Tocó la culata de la Luger. Estaba fría. Tan fría como su mano, o su corazón. Acechó, desde una punta del vagón, a que éste se vaciara. La gente entraba en sus compartimientos a recoger sus equipajes y momentáneamente, en el pasillo, que se le antojaba larguísimo sólo estaban él y el presunto Klaus. Montó el arma, bajo la gabardina, quitó el seguro, ajustó con cuidado el silenciador. El tren entró en un túnel, al final del cual estaba Alemania, y aquella era la última ocasión, la única. Avanzó por el pasillo, bamboleándose todo él por los traqueteos del tren, hacia el presunto Klaus que comenzaba a despegarse del vidrio.
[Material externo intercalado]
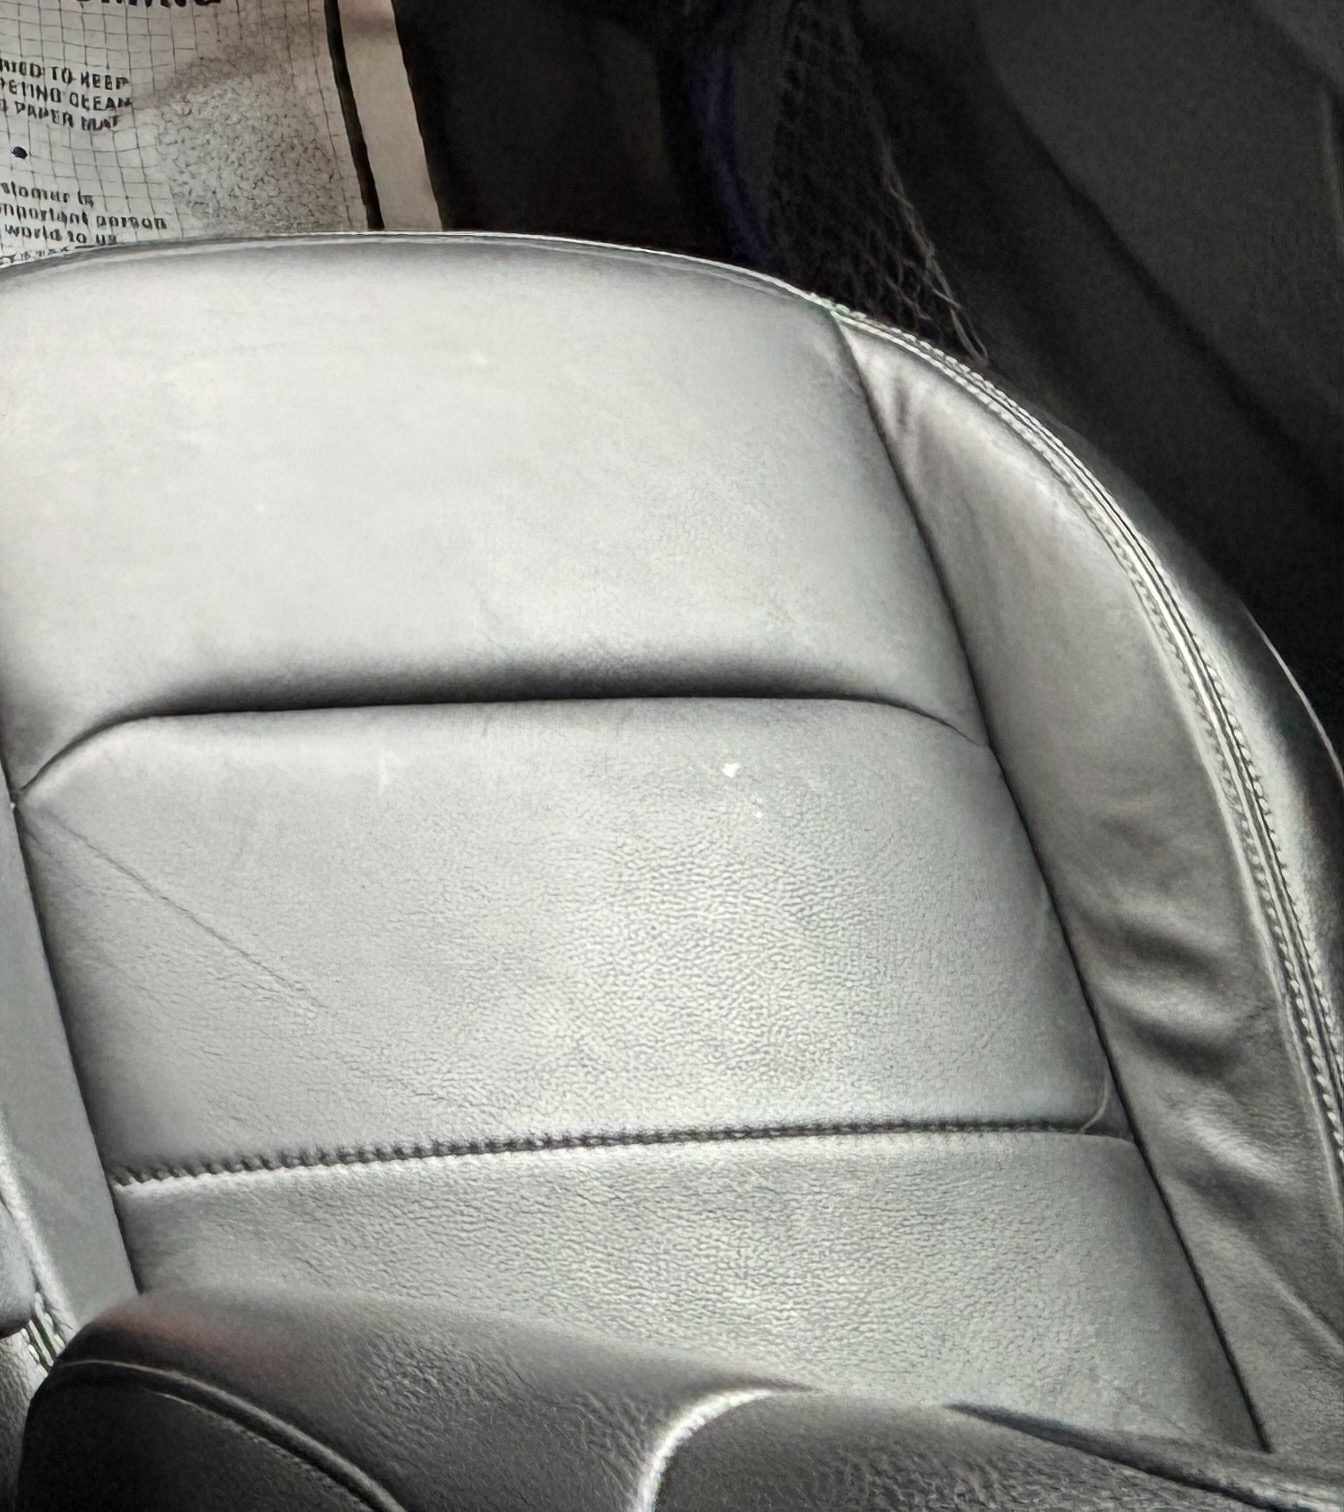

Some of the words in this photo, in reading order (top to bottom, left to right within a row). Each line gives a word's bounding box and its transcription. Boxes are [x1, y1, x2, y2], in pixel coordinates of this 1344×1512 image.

[52, 65, 74, 85] TO
[80, 71, 129, 90] KEEP
[69, 91, 134, 110] CLEAN
[15, 101, 74, 129] PAPER
[96, 214, 168, 231] person
[5, 223, 62, 242] world
[68, 231, 88, 245] to
[95, 234, 118, 247] us
La víctima hizo un gesto, como una media vuelta, que fue interpretado por Otto como una huida, o un deseo, tal vez, de entrar en su compartimiento a recoger su equipaje para descender del tren y pasar el control aduanero. El disparo no se oiría, ni el grito; los silbidos del tren, el ruido que hacía atravesando el túnel, la rítmica melodía de las traviesas se convertirían en cómplices del asesinato.
- ¡Klaus! - gritó Otto - ¡Klaus! - volvió a gritar, con voz desgarrada, mientras la distancia entre ambos se acortaba con tanta rapidez como los pies de Otto, adormecidos, que no sentía, se deslizaban por el pasillo.
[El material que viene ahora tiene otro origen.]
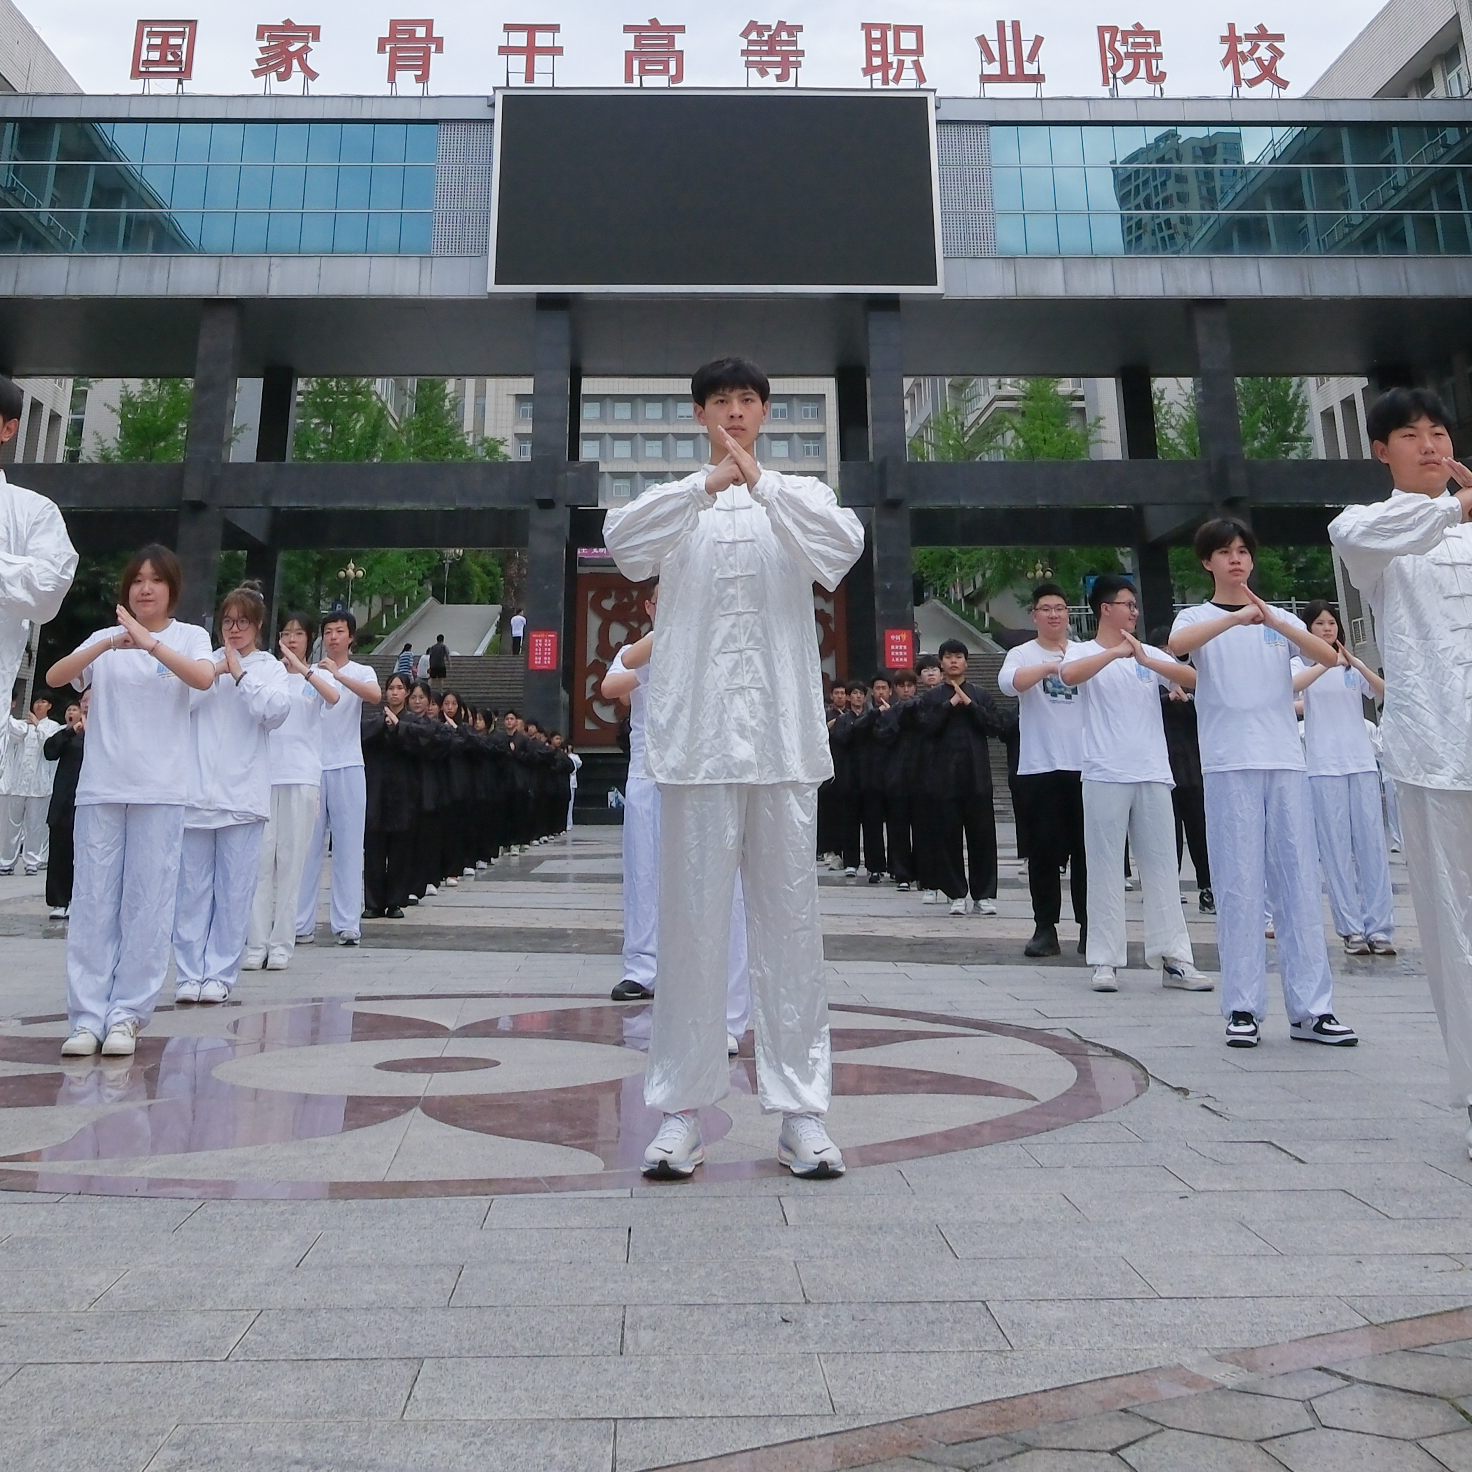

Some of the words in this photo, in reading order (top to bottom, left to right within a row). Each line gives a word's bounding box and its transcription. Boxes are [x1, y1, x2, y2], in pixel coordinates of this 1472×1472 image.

[129, 18, 1290, 90] 国家骨干高等职业院校
Hubiera deseado que no se volviera, que se hubiera refugiado en su compartimiento, que le hubiera rectificado y dado otro nombre, pero no fue así. El hombre se volvió y le miró con extrañeza a los ojos.
Entonces disparó Otto sobre él, sin sacar el arma de la gabardina, por entre los botones negros y redondos, un respiradero de su coraza, y vio a Klaus alcanzado de lleno por los impactos caer al suelo tras golpearse la nuca con el vidrio al que había estado apegado durante todo el viaje. Saltó por encima de él, se dirigió al vagón de cola, como alma que lleva el diablo, y de repente el frío que durante tantos días le había invadido desapareció para dejar paso a un calor abrasador.

***

Berstein le había condenado a muerte y Loester estaba allí, con la pistola montada, apuntándole mientras, detrás de él, la única escapatoria era el agua helada del lago Constanza. La organización del interior había caído en peso, se hablaba de un sinfín de ejecuciones, de una purga en el estamento militar proclive a una acción militar contra el Reich, y él, Otto, era el único responsable. Todo se basaba en una cuestión de interpretaciones. En una medida. Bernstein había jurado solemnemente que había proporcionado a Otto toda la información precisa para que pudiera identificar y eliminar a Karl en el viaje de Zurich a Schaffhausen. De nada le había servido a Otto decir que entre la información facilitada por Bernstein había un dato crucial erróneo que había hecho fracasar toda la operación: la estatura de Klaus. Otto había asesinado a un inocente y había sido instrumento en manos de una mente retorcida que jugaba a las dos cartas y libraba su guerra particular. Estaba convencido de que el engaño de Bernstein había sido deliberado, de que el falso judío escapado de la Alemania nazi no era otra cosa que un agente de la Gestapo que se había infiltrado en la organización con el fin de desmembrarla. Pero se llevaría su convicción a la tumba. ¿Quién iba a escucharle? ¿Loester? El ejecutor ya había apretado tres veces el gatillo antes de que Otto pudiera expresar su último pensamiento, y el hijo del señor Glessner se zambulló con tres balas de plomo en el cuerpo en las oscuras y gélidas aguas del lago Constanza como una víctima más de la locura homicida que recorría Europa.